Large language models (LLMs) demonstrate impressive reasoning abilities, but translating reasoning into actions in the real world remains challenging. In particular, it remains unclear how to complete a given task provably within a minimum number of interactions with the external environment, e.g., through an internal mechanism of reasoning. To this end, we propose a principled framework with provable regret guarantees to orchestrate reasoning and acting, which we call ``reason for future, act for now" (\texttt{RAFA}). Specifically, we design a prompt template for reasoning that learns from the memory buffer and plans a future trajectory over a long horizon (``reason for future"). At each step, the LLM agent takes the initial action of the planned trajectory (``act for now"), stores the collected feedback in the memory buffer, and reinvokes the reasoning routine to replan the future trajectory from the new state. The key idea is to cast reasoning in LLMs as learning and planning in Bayesian adaptive Markov decision processes (MDPs). Correspondingly, we prompt LLMs to form an updated posterior of the unknown environment from the memory buffer (learning) and generate an optimal trajectory for multiple future steps that maximizes a value function (planning). The learning and planning subroutines are performed in an "in-context" manner to emulate the actor-critic update for MDPs. Our theoretical analysis proves that the novel combination of long-term reasoning and short-term acting achieves a $\sqrt{T}$ regret. In particular, the regret bound highlights an intriguing interplay between the prior knowledge obtained through pretraining and the uncertainty reduction achieved by reasoning and acting. Our empirical validation shows that it outperforms various existing frameworks and achieves nearly perfect scores on a few benchmarks.

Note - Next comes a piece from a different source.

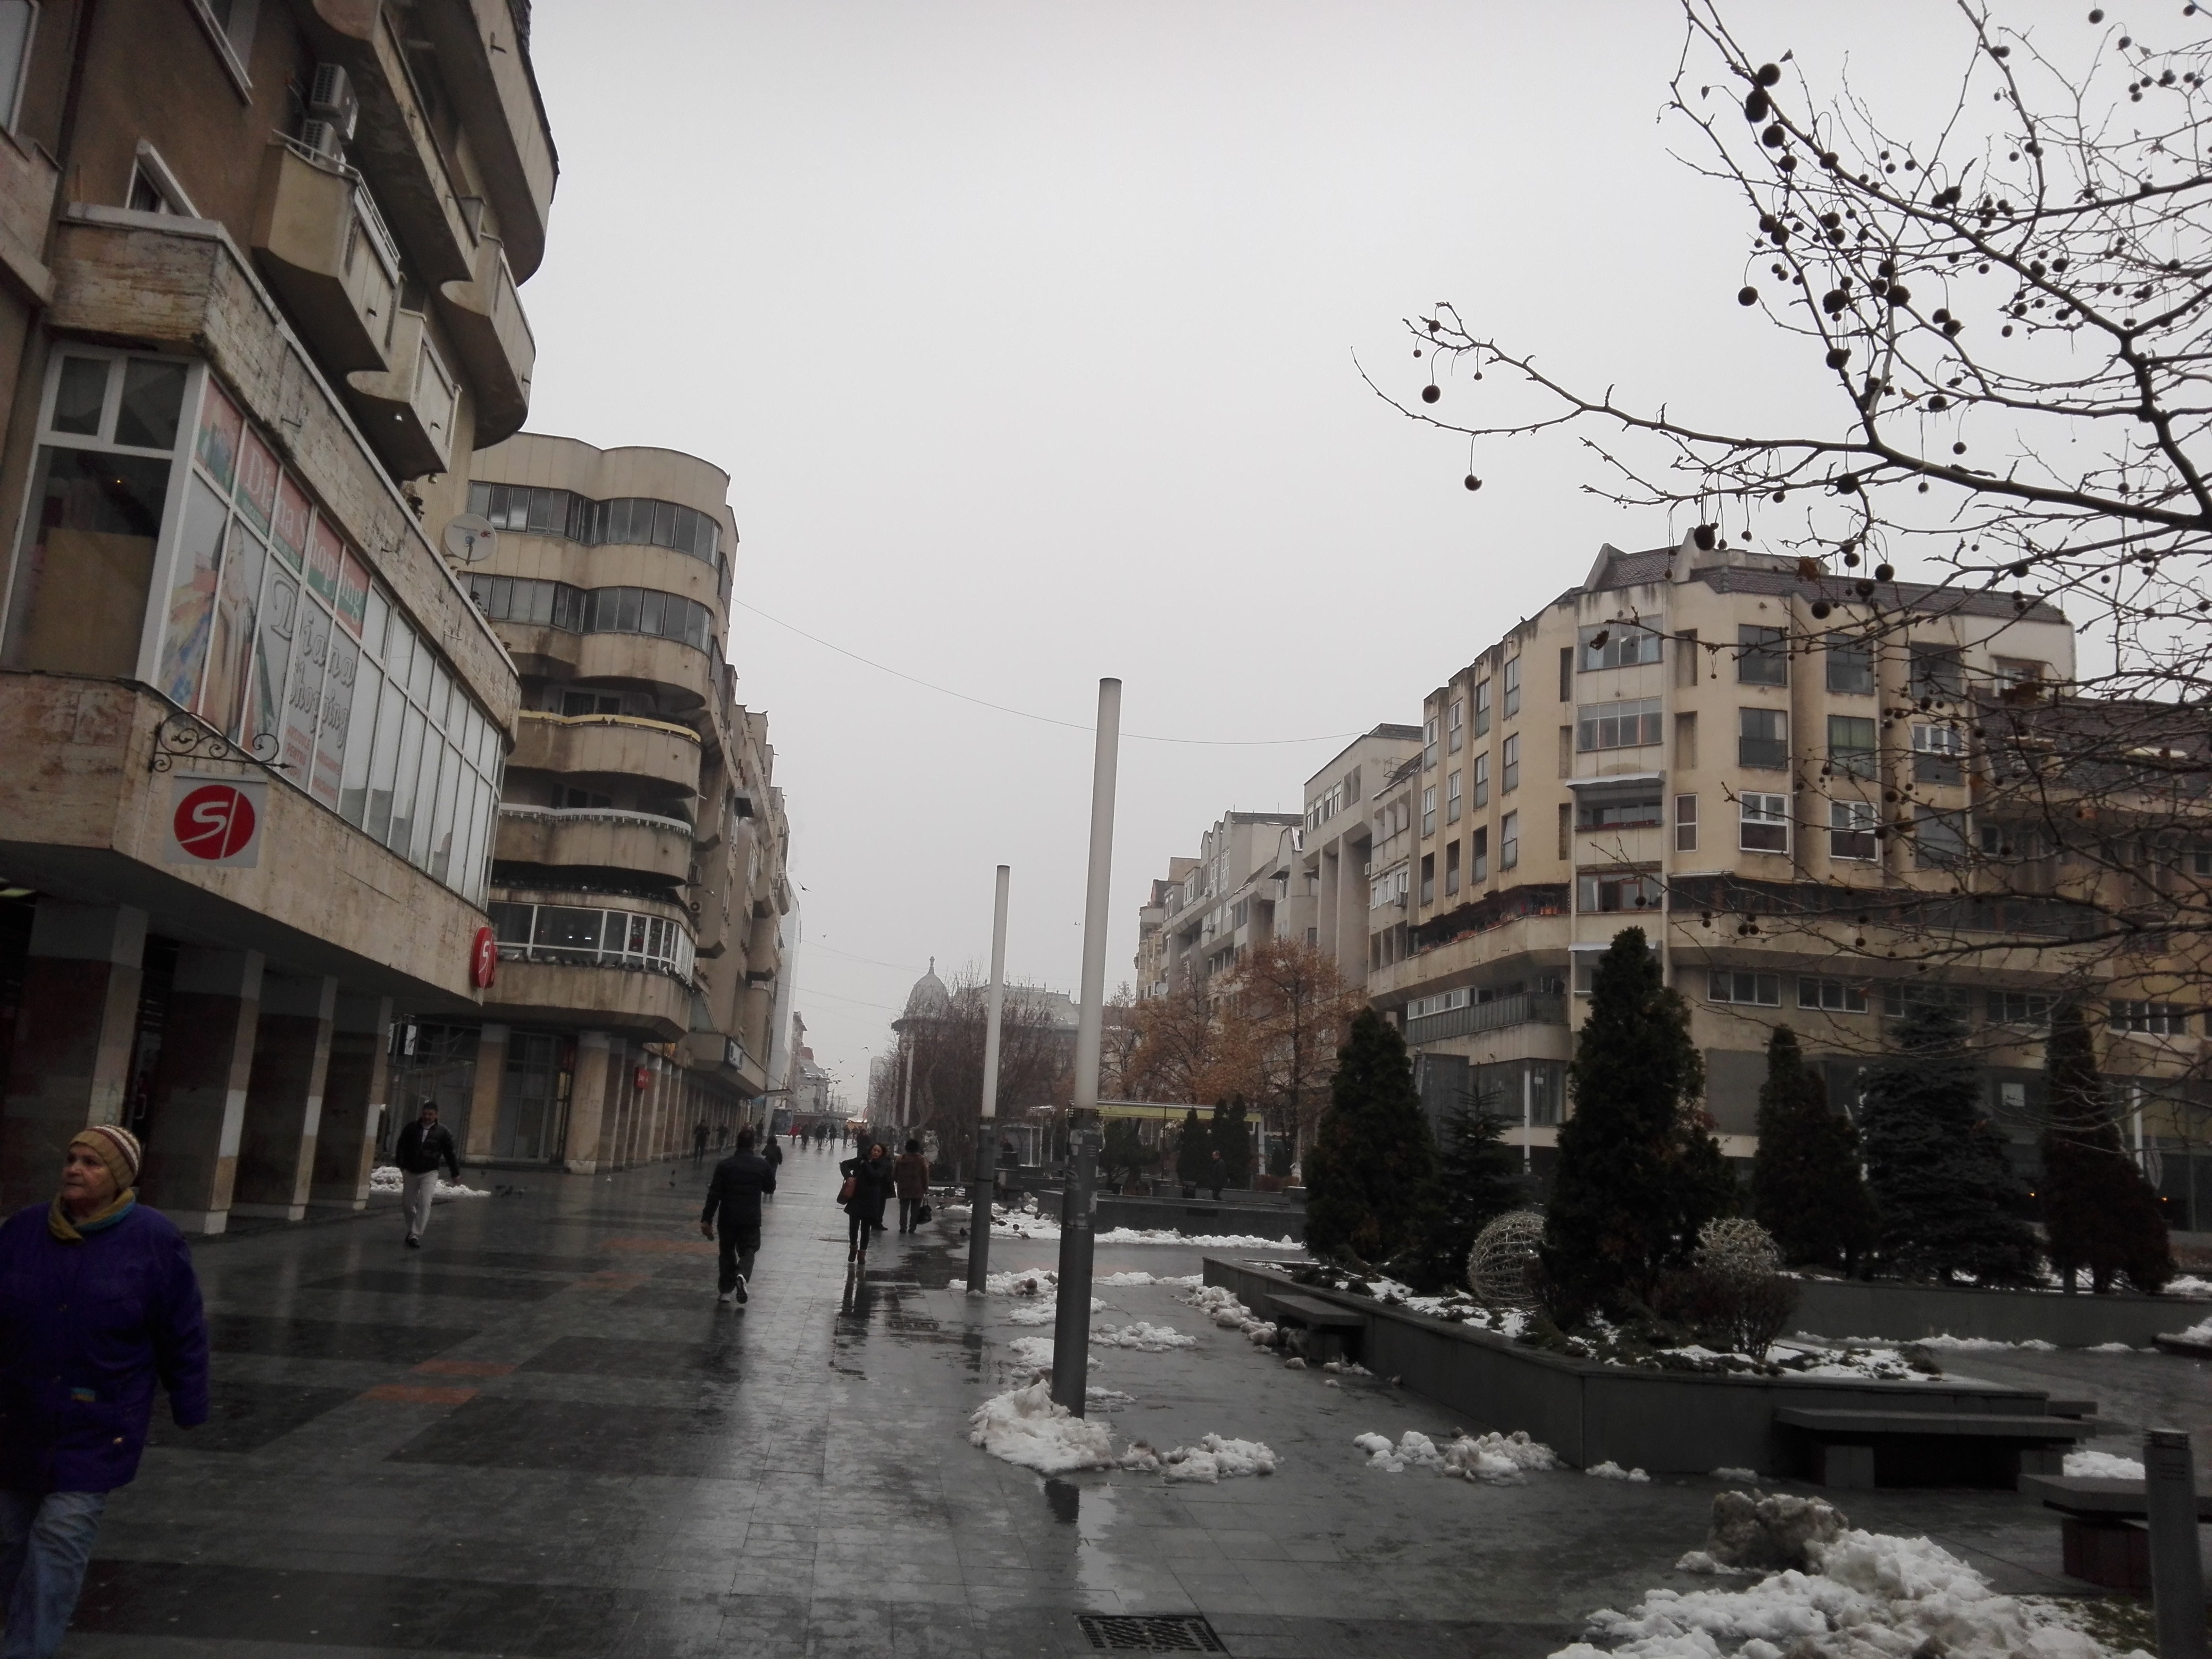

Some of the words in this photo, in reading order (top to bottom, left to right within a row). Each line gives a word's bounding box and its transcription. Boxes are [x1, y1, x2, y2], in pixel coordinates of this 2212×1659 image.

[246, 448, 294, 538] Diana
[295, 509, 364, 625] Shopping
[271, 572, 354, 689] Diana

翻译：大型语言模型（LLMs）展现出令人印象深刻的推理能力，但将推理转化为现实世界中的行动仍具挑战性。特别是，如何通过内部推理机制，在与外部环境的最小交互次数内可证明地完成给定任务仍不明确。为此，我们提出了一个具有可证明遗憾保证的规范框架来协调推理与行动，称之为“为未来推理，为当下行动”（\texttt{RAFA}）。具体而言，我们设计了一个推理提示模板，该模板从记忆缓冲区中学习，并规划长期未来轨迹（“为未来推理”）。在每个步骤中，LLM代理执行规划轨迹的初始动作（“为当下行动”），将收集到的反馈存储在记忆缓冲区中，并重新调用推理程序从新状态重新规划未来轨迹。关键思想是将LLM中的推理建模为贝叶斯自适应马尔可夫决策过程（MDPs）中的学习与规划。相应地，我们引导LLM从记忆缓冲区中形成未知环境的更新后验（学习），并生成最大化价值函数的多步最优未来轨迹（规划）。学习与规划子程序以“上下文内”方式执行，以模拟MDPs的演员-评论家更新。我们的理论分析证明，长期推理与短期行动的新颖组合实现了$\sqrt{T}$的遗憾。特别地，遗憾界突显了预训练获得的先验知识与通过推理和行动实现的不确定性减少之间的有趣相互作用。我们的实证验证表明，该框架优于多种现有框架，并在若干基准测试中实现了近乎完美的分数。